Homem que matou mulher a pauladas será julgado

Um crime considerado hediondo ocorrido na manhã do dia em 20 de dezembro de 2007, será submetido ao crivo de um júri popular composto por pessoas de ambos os sexos, ligadas a diferentes segmentos sociais de Botucatu. Das 25 pessoas convocadas, 07 delas serão sorteadas para decidir o futuro do réu.

Segundo consta na denúncia formulada pela Promotoria Pública, no dia dos fatos Bruno Henrique Santos Faustino, conhecido como “Tera”, teria matado a pauladas a garota de programa, Vera Alice Fortes, que foi amasiada com seu irmão e depois da separação ele passou a beber e acabou morrendo. Faustino atribuiu a Vera a morte do irmão.

No dia dos fatos, ainda de acordo com a denúncia, a mulher estaria se prostituindo no início da Rodovia João Hipólito Martins (Castelinho), em frente a um bar, quando Faustino chegou ao local e ambos passaram a discutir. O homem, então, apanhou um pedaço de pau e desferiu vários golpes contra a cabeça da mulher, causando-lhe ferimentos que a levaram ? morte. Após o crime Faustino jogou o corpo da mulher em uma vala, tendo sido auxiliado por um cidadão de nome Reginaldo Santos.

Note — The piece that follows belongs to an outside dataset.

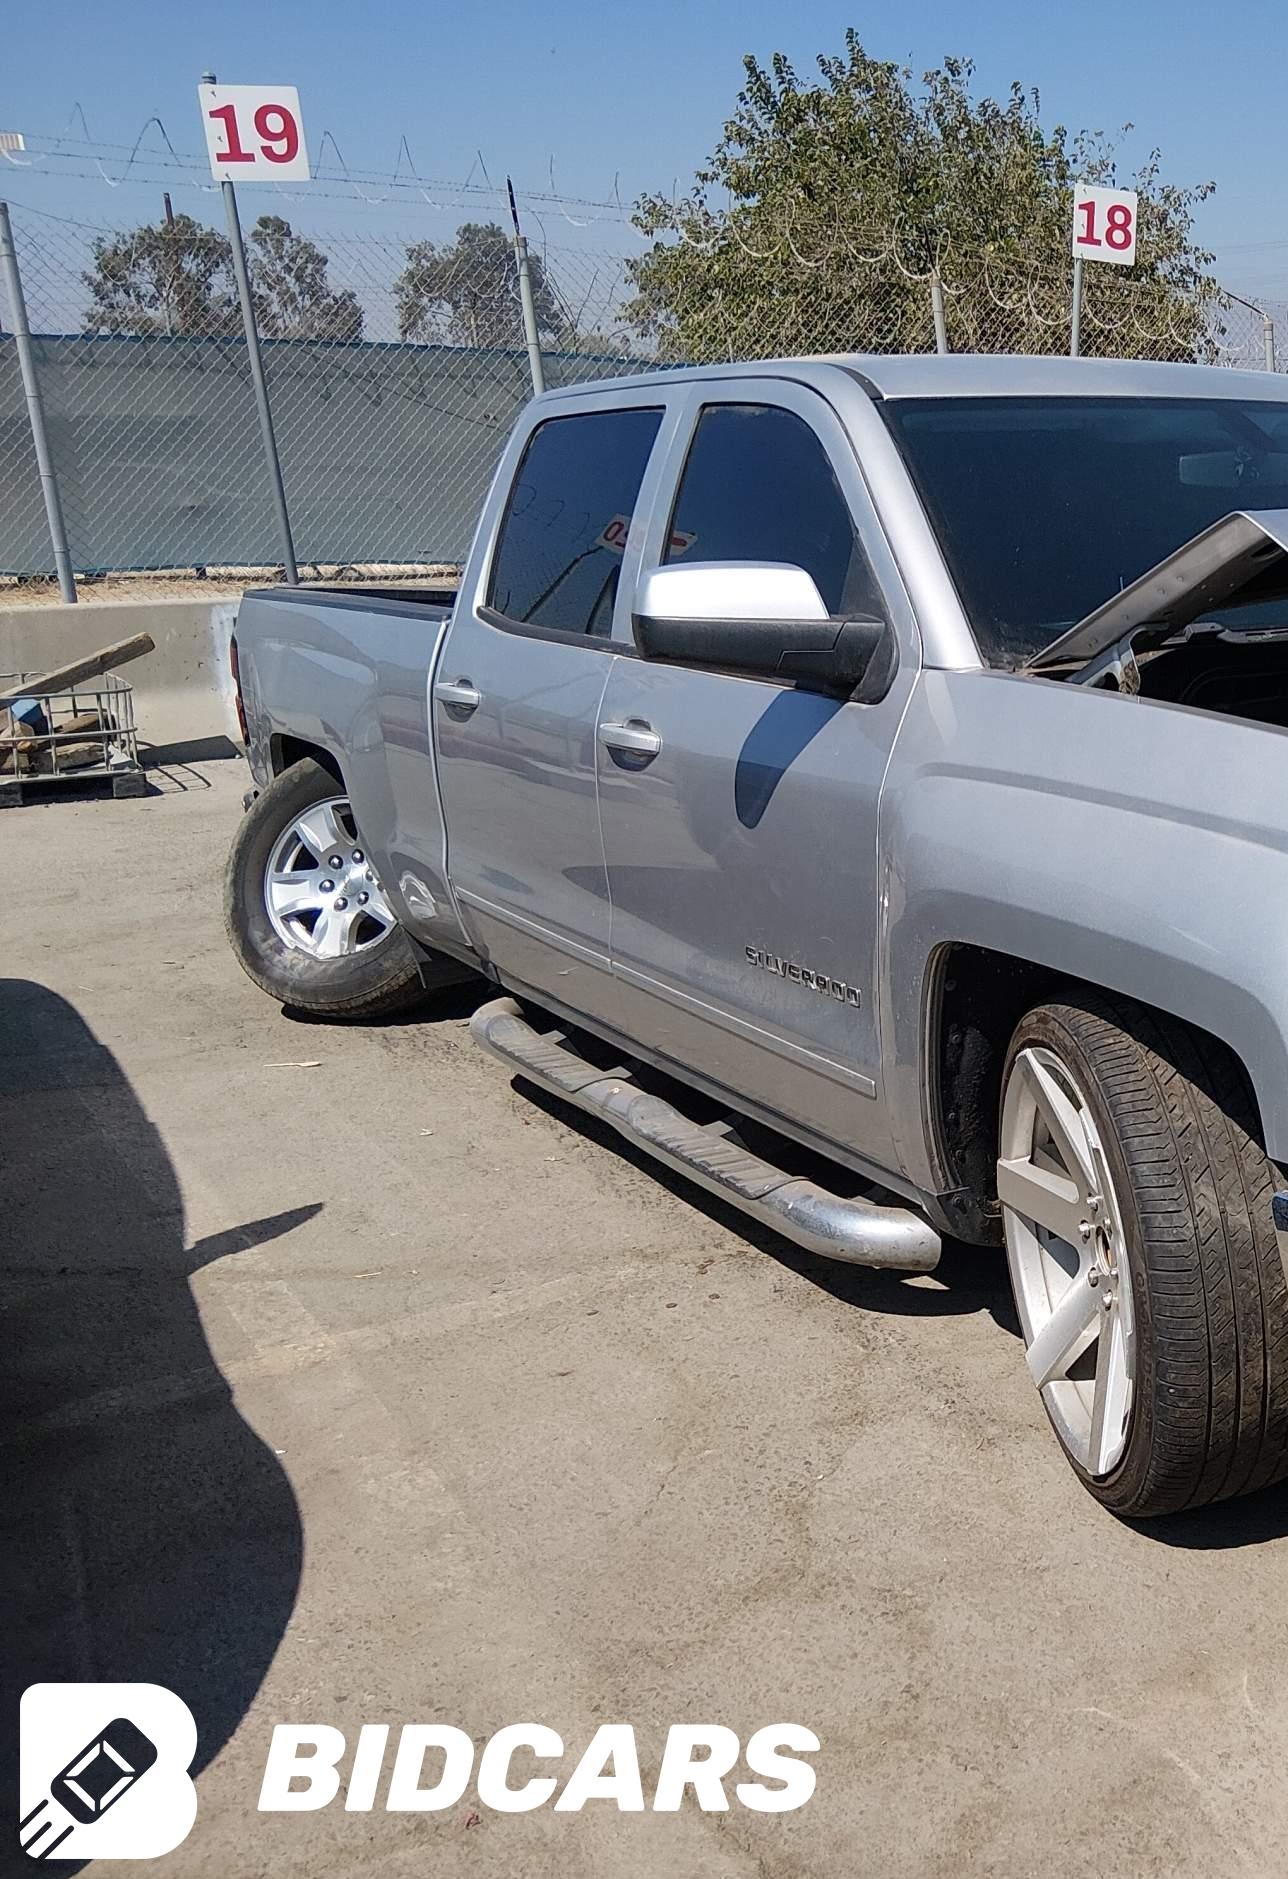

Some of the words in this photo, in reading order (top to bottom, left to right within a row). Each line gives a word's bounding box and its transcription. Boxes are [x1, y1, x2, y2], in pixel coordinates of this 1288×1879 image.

[208, 104, 299, 164] 19
[1077, 201, 1132, 250] 18
[745, 944, 861, 1008] SILVERADO

Na mesa dos trabalhos, como presidente do júri, estará atuando o juiz titular da 2ª Vara da Comarca, Marcus Vinícius Bachiega, tendo na acusação como representante do Ministério Público, o promotor de Justiça, Marcos José de Freitas Corvino, que deverá pedir a condenação do acusado por homicídio triplamente qualificado, com ocultação de cadáver.

Será o advogado criminalista Edson José Coneglian, que fará seu pronunciando pedindo a absolvição do réu, defendendo a tese de que o crime foi cometido sob violenta emoção. Entende o advogado que nesse caso cabe a absolvição, já que o réu sofreu muito com a morte do irmão que se tornou um alcoólatra depressivo por causa da separação.

“Sempre que Faustino se encontrava com aquela mulher, ela ofendia seu irmão. Nesse dia (do crime) ela o ofendeu novamente e ele perdeu a cabeça e cometeu o crime. Depois permaneceu foragido por um ano, mais ou menos, se entregou ? polícia e nunca negou o fato”, colocou o advogado. “Vamos sim, pedir a absolvição”, emendou.